Start of Stored data

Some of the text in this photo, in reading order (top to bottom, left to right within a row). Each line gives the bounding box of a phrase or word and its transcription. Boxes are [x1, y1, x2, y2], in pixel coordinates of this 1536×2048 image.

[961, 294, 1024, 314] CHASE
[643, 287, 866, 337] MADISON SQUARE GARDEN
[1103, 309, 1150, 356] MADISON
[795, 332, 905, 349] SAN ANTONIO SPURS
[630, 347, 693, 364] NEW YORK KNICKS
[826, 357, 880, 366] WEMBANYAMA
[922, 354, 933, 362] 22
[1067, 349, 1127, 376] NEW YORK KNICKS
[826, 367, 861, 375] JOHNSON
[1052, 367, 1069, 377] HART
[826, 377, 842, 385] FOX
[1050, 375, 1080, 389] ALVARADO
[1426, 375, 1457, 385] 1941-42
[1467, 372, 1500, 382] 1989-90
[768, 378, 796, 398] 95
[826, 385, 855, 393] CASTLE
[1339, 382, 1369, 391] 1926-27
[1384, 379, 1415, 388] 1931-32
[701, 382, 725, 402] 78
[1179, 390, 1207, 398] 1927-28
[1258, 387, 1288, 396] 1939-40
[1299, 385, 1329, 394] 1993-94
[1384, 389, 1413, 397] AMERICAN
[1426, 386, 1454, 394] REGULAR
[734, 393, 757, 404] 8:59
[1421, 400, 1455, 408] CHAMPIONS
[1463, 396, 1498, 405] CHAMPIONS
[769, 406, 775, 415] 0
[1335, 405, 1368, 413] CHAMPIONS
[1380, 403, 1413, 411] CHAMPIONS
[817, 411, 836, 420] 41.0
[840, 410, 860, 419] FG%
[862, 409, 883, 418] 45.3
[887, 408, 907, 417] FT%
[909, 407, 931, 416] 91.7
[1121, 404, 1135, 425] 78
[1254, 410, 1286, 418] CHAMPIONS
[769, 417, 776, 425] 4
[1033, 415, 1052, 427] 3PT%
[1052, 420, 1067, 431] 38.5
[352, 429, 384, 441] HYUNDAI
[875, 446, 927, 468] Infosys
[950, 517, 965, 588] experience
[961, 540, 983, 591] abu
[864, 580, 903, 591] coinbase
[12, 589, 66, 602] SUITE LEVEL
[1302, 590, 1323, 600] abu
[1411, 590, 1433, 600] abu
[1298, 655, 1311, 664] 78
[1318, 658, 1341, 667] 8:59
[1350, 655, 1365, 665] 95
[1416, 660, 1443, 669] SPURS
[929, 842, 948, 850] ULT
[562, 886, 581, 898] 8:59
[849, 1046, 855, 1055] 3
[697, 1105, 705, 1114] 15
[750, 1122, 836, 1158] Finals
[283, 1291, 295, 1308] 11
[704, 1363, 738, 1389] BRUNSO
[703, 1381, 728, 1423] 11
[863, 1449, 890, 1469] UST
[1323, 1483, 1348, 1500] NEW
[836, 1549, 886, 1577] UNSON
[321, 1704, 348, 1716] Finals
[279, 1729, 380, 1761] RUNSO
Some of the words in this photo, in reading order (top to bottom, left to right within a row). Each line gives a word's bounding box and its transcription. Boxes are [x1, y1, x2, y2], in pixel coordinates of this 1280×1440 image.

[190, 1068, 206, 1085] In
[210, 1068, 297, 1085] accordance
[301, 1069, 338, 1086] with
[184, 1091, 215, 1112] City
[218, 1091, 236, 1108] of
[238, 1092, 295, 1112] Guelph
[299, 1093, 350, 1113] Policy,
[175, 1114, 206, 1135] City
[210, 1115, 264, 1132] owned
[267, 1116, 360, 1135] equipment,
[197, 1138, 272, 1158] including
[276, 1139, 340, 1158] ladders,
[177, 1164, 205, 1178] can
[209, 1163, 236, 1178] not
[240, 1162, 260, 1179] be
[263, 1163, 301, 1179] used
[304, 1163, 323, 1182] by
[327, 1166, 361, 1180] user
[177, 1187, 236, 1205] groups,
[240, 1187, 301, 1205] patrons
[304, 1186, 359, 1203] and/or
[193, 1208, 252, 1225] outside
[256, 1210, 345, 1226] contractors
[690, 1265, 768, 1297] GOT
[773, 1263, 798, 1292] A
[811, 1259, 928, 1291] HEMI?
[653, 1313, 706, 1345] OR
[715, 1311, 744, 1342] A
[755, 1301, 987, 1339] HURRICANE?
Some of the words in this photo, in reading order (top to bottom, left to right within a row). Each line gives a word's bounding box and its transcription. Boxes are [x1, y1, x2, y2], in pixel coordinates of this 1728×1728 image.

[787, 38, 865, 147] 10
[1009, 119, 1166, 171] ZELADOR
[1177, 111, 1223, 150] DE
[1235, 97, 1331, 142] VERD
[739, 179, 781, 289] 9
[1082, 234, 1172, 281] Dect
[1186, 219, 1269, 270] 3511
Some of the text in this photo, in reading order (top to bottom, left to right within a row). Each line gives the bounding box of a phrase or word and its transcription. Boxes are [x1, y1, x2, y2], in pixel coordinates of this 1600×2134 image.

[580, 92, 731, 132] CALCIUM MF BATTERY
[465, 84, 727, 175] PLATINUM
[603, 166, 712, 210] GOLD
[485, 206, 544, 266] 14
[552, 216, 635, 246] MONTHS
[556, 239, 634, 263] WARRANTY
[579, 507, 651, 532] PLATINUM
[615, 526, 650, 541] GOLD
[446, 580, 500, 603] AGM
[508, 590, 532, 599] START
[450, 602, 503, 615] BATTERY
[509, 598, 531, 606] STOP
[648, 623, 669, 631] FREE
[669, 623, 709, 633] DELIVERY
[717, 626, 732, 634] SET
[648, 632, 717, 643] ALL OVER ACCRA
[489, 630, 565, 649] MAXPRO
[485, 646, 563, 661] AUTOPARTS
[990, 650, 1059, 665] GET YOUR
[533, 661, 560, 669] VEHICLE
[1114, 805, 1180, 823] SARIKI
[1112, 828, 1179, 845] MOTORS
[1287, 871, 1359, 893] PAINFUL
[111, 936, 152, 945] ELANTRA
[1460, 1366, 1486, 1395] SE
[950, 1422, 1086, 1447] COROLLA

End of Stored data

• To do
Until the last line is reached, keep transcribing the data exactly.

• Solution to the problem
Some of the text in this photo, in reading order (top to bottom, left to right within a row). Each line gives the bounding box of a phrase or word and its transcription. Boxes are [x1, y1, x2, y2], in pixel coordinates of this 1536×2048 image.

[961, 294, 1024, 314] CHASE
[643, 287, 866, 337] MADISON SQUARE GARDEN
[1103, 309, 1150, 356] MADISON
[795, 332, 905, 349] SAN ANTONIO SPURS
[630, 347, 693, 364] NEW YORK KNICKS
[826, 357, 880, 366] WEMBANYAMA
[922, 354, 933, 362] 22
[1067, 349, 1127, 376] NEW YORK KNICKS
[826, 367, 861, 375] JOHNSON
[1052, 367, 1069, 377] HART
[826, 377, 842, 385] FOX
[1050, 375, 1080, 389] ALVARADO
[1426, 375, 1457, 385] 1941-42
[1467, 372, 1500, 382] 1989-90
[768, 378, 796, 398] 95
[826, 385, 855, 393] CASTLE
[1339, 382, 1369, 391] 1926-27
[1384, 379, 1415, 388] 1931-32
[701, 382, 725, 402] 78
[1179, 390, 1207, 398] 1927-28
[1258, 387, 1288, 396] 1939-40
[1299, 385, 1329, 394] 1993-94
[1384, 389, 1413, 397] AMERICAN
[1426, 386, 1454, 394] REGULAR
[734, 393, 757, 404] 8:59
[1421, 400, 1455, 408] CHAMPIONS
[1463, 396, 1498, 405] CHAMPIONS
[769, 406, 775, 415] 0
[1335, 405, 1368, 413] CHAMPIONS
[1380, 403, 1413, 411] CHAMPIONS
[817, 411, 836, 420] 41.0
[840, 410, 860, 419] FG%
[862, 409, 883, 418] 45.3
[887, 408, 907, 417] FT%
[909, 407, 931, 416] 91.7
[1121, 404, 1135, 425] 78
[1254, 410, 1286, 418] CHAMPIONS
[769, 417, 776, 425] 4
[1033, 415, 1052, 427] 3PT%
[1052, 420, 1067, 431] 38.5
[352, 429, 384, 441] HYUNDAI
[875, 446, 927, 468] Infosys
[950, 517, 965, 588] experience
[961, 540, 983, 591] abu
[864, 580, 903, 591] coinbase
[12, 589, 66, 602] SUITE LEVEL
[1302, 590, 1323, 600] abu
[1411, 590, 1433, 600] abu
[1298, 655, 1311, 664] 78
[1318, 658, 1341, 667] 8:59
[1350, 655, 1365, 665] 95
[1416, 660, 1443, 669] SPURS
[929, 842, 948, 850] ULT
[562, 886, 581, 898] 8:59
[849, 1046, 855, 1055] 3
[697, 1105, 705, 1114] 15
[750, 1122, 836, 1158] Finals
[283, 1291, 295, 1308] 11
[704, 1363, 738, 1389] BRUNSO
[703, 1381, 728, 1423] 11
[863, 1449, 890, 1469] UST
[1323, 1483, 1348, 1500] NEW
[836, 1549, 886, 1577] UNSON
[321, 1704, 348, 1716] Finals
[279, 1729, 380, 1761] RUNSO
Some of the words in this photo, in reading order (top to bottom, left to right within a row). Each line gives a word's bounding box and its transcription. Boxes are [x1, y1, x2, y2], in pixel coordinates of this 1280×1440 image.

[190, 1068, 206, 1085] In
[210, 1068, 297, 1085] accordance
[301, 1069, 338, 1086] with
[184, 1091, 215, 1112] City
[218, 1091, 236, 1108] of
[238, 1092, 295, 1112] Guelph
[299, 1093, 350, 1113] Policy,
[175, 1114, 206, 1135] City
[210, 1115, 264, 1132] owned
[267, 1116, 360, 1135] equipment,
[197, 1138, 272, 1158] including
[276, 1139, 340, 1158] ladders,
[177, 1164, 205, 1178] can
[209, 1163, 236, 1178] not
[240, 1162, 260, 1179] be
[263, 1163, 301, 1179] used
[304, 1163, 323, 1182] by
[327, 1166, 361, 1180] user
[177, 1187, 236, 1205] groups,
[240, 1187, 301, 1205] patrons
[304, 1186, 359, 1203] and/or
[193, 1208, 252, 1225] outside
[256, 1210, 345, 1226] contractors
[690, 1265, 768, 1297] GOT
[773, 1263, 798, 1292] A
[811, 1259, 928, 1291] HEMI?
[653, 1313, 706, 1345] OR
[715, 1311, 744, 1342] A
[755, 1301, 987, 1339] HURRICANE?
Some of the words in this photo, in reading order (top to bottom, left to right within a row). Each line gives a word's bounding box and its transcription. Boxes are [x1, y1, x2, y2], in pixel coordinates of this 1728×1728 image.

[787, 38, 865, 147] 10
[1009, 119, 1166, 171] ZELADOR
[1177, 111, 1223, 150] DE
[1235, 97, 1331, 142] VERD
[739, 179, 781, 289] 9
[1082, 234, 1172, 281] Dect
[1186, 219, 1269, 270] 3511
Some of the text in this photo, in reading order (top to bottom, left to right within a row). Each line gives the bounding box of a phrase or word and its transcription. Boxes are [x1, y1, x2, y2], in pixel coordinates of this 1600×2134 image.

[580, 92, 731, 132] CALCIUM MF BATTERY
[465, 84, 727, 175] PLATINUM
[603, 166, 712, 210] GOLD
[485, 206, 544, 266] 14
[552, 216, 635, 246] MONTHS
[556, 239, 634, 263] WARRANTY
[579, 507, 651, 532] PLATINUM
[615, 526, 650, 541] GOLD
[446, 580, 500, 603] AGM
[508, 590, 532, 599] START
[450, 602, 503, 615] BATTERY
[509, 598, 531, 606] STOP
[648, 623, 669, 631] FREE
[669, 623, 709, 633] DELIVERY
[717, 626, 732, 634] SET
[648, 632, 717, 643] ALL OVER ACCRA
[489, 630, 565, 649] MAXPRO
[485, 646, 563, 661] AUTOPARTS
[990, 650, 1059, 665] GET YOUR
[533, 661, 560, 669] VEHICLE
[1114, 805, 1180, 823] SARIKI
[1112, 828, 1179, 845] MOTORS
[1287, 871, 1359, 893] PAINFUL
[111, 936, 152, 945] ELANTRA
[1460, 1366, 1486, 1395] SE
[950, 1422, 1086, 1447] COROLLA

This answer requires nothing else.